In May of 2020, amid an unprecedented global pandemic which had already begun to shine a harsh light on inequities in health care, many Americans sat glued to their sofas as the tragic murder of George Floyd played on an unending loop across their screens. Soon, protests followed; across the country, in large towns and small, the young and the not-so-young chanted, "Say his name" and "I can’t breathe."
Finally, in what seemed like a watershed moment across the nation, corporate America began to truly listen, and many health care organizations began or reinvigorated the important work of incorporating diversity, equity and inclusion (DEI) into their systems in meaningful, measurable, goal-driven ways.
As the pandemic has highlighted, disparities in access to health care exist and, along with unconscious bias and systemic barriers, have resulted in a documented outcome gap for some groups. Higher maternal and infant mortality rates in childbirth is just one example of poorer outcomes for people of color, but studies that have explored outcomes in other areas of health have also unearthed similar results.
There is also a business case that can be made for the critical importance of DEI efforts in health care organizations. At a time that staffing across the health care enterprise is a burning issue on the minds of many CEOs, the cost of a lack of diversity, equity and inclusion in the workplace can also be felt in poor employee retention.
A recent study by Press Ganey found that health systems that incorporate diversity, equity and inclusion into their culture have less risk of staffing turnover amongst all employees than those who do not. Additionally, companies with a diverse workforce have been shown to be more effective at communication and have better financial results.
Since 1990, the Association for Advancing Physician and Provider Recruitment (AAPPR), formerly known as the ASPR, has provided support for physician recruitment professionals as they engage in the critical work of sourcing and hiring health care providers. With close to 2,000 members, AAPPR is in a unique position to provide the skills, knowledge base, training and support needed for members to be successful in the ever-changing health care landscape.
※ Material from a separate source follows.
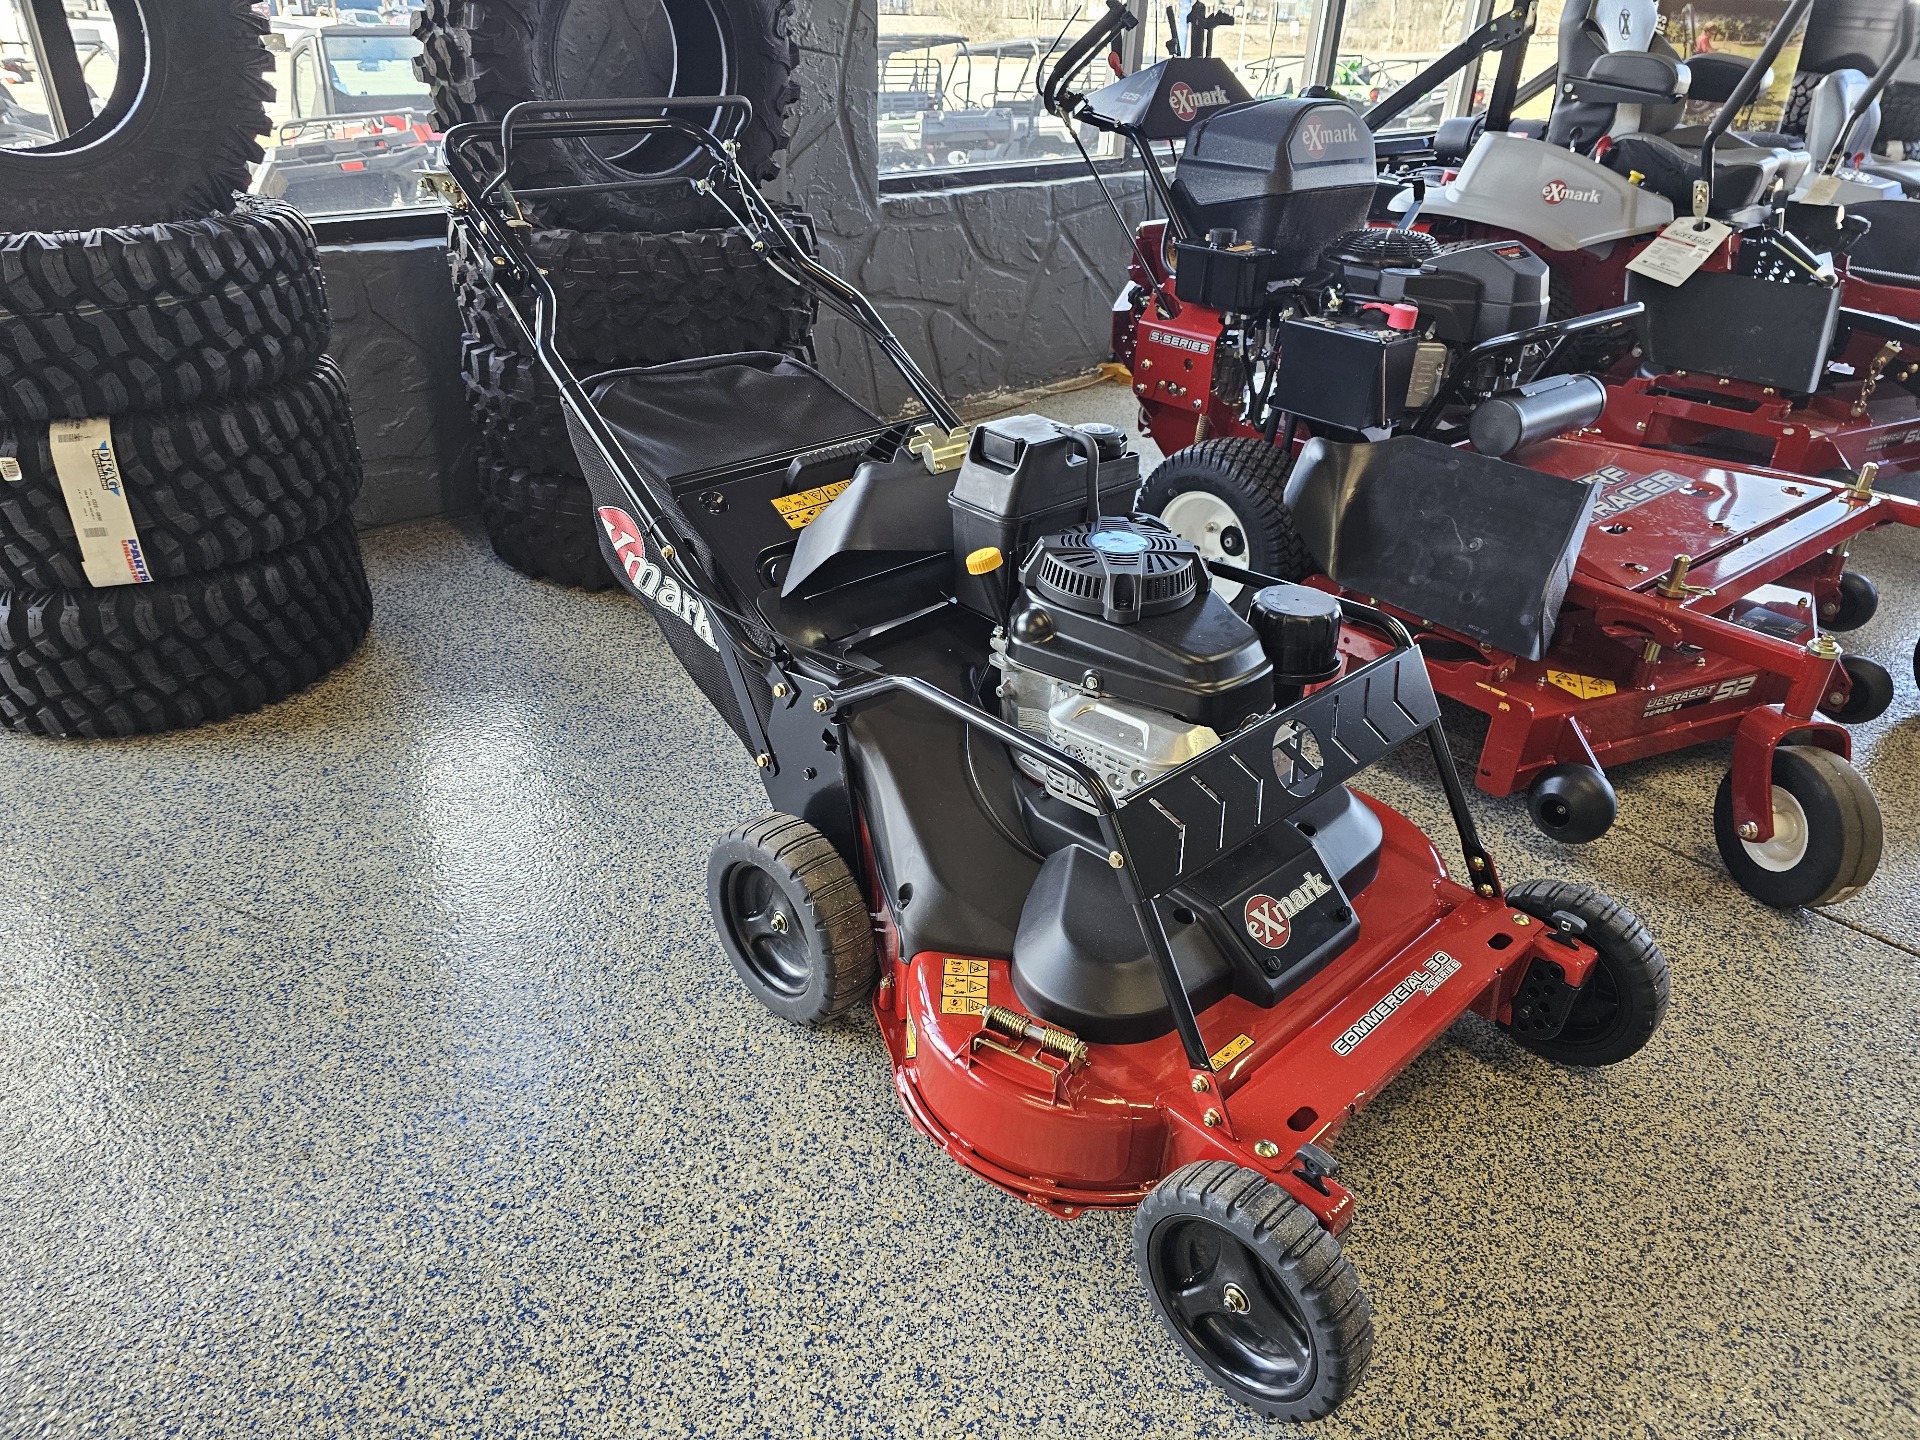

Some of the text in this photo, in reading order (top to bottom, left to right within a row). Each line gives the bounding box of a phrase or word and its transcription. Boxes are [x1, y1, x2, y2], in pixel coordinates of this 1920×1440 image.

This year, for the first time, AAPPR is offering a Diversity, Equity and Inclusion Micro-Course and credential as part of its annual conference. The goal, explains Russ Peal, CPRP, AAPPR board member, is to give recruiters the tools and credibility needed to lead and facilitate change at the system level. "We want to equip them to lead and facilitate these discussions," Peal said. "We want to create a lane for our recruiters who we believe are so central to be the right hand to the C-suite in these efforts."
Peal, who serves as the Director, Workforce Recruitment and Retention for the Veterans Health Administration, and his fellow committee members have been pivotal in the development of the curriculum, and the content has been peer-reviewed by fellow physician/provider recruiters. This full-day course, designed specifically for health care recruiters who hold the CPRP certification, will help participants define the positive impacts of embracing diversity, equity and inclusion within a hospital or health system, including benefits in staff retention, employee satisfaction and bottom-line success. As Peal notes, "There is an economic imperative to embracing diversity. It affects the bottom line if they don’t."
Using a combination of self-guided pre-course work and live instruction, participants will explore the concept of bias, including implicit and unconscious bias, and how bias can impact sourcing efforts, interviewing, and hiring providers. They’ll learn to recognize systemic and individual barriers, including systemic blockages in the recruitment process, and how to advocate for and drive change in those processes through the development of an effective DEI recruitment plan. AAPPR anticipates offering the course more in the future.
By the completion of the training, participants will be able to demonstrate new skills in developing job descriptions, crafting ads, sourcing from a diverse and widened candidate pool and employing neutral interview techniques. Successful completion of this course provides an added credential for those already holding a current CPRP certification.
But diversity in recruitment is not enough, cautions Peal. Just focusing on sourcing and recruiting without an equal effort to inculcate equity and inclusion into the fabric of the organization is leaving the work half done. "The key is not just recruiting from diverse populations," he said, "but allowing those folks who you recruit to be able to see themselves migrate upwards within the organization."
Physician/provider recruitment is a key function to the health and success of health care organizations. It will likely assume an even greater importance in the years to come, as provider shortages are driven by an increase in the demand for services and a decrease in provider supply. Recruiters can bring additional value to their organizations and to their stakeholders by developing and demonstrating a skill set that will support and drive diversity, equity and inclusion initiatives within the systems they serve.
Kelly Cottrell is a Regional Director, Physician Recruitment for LifePoint Health, focusing on the Virginia market. After a career in the provision of mental health services, Kelly found recruitment in 2002 and has been enjoying serving her communities ever since.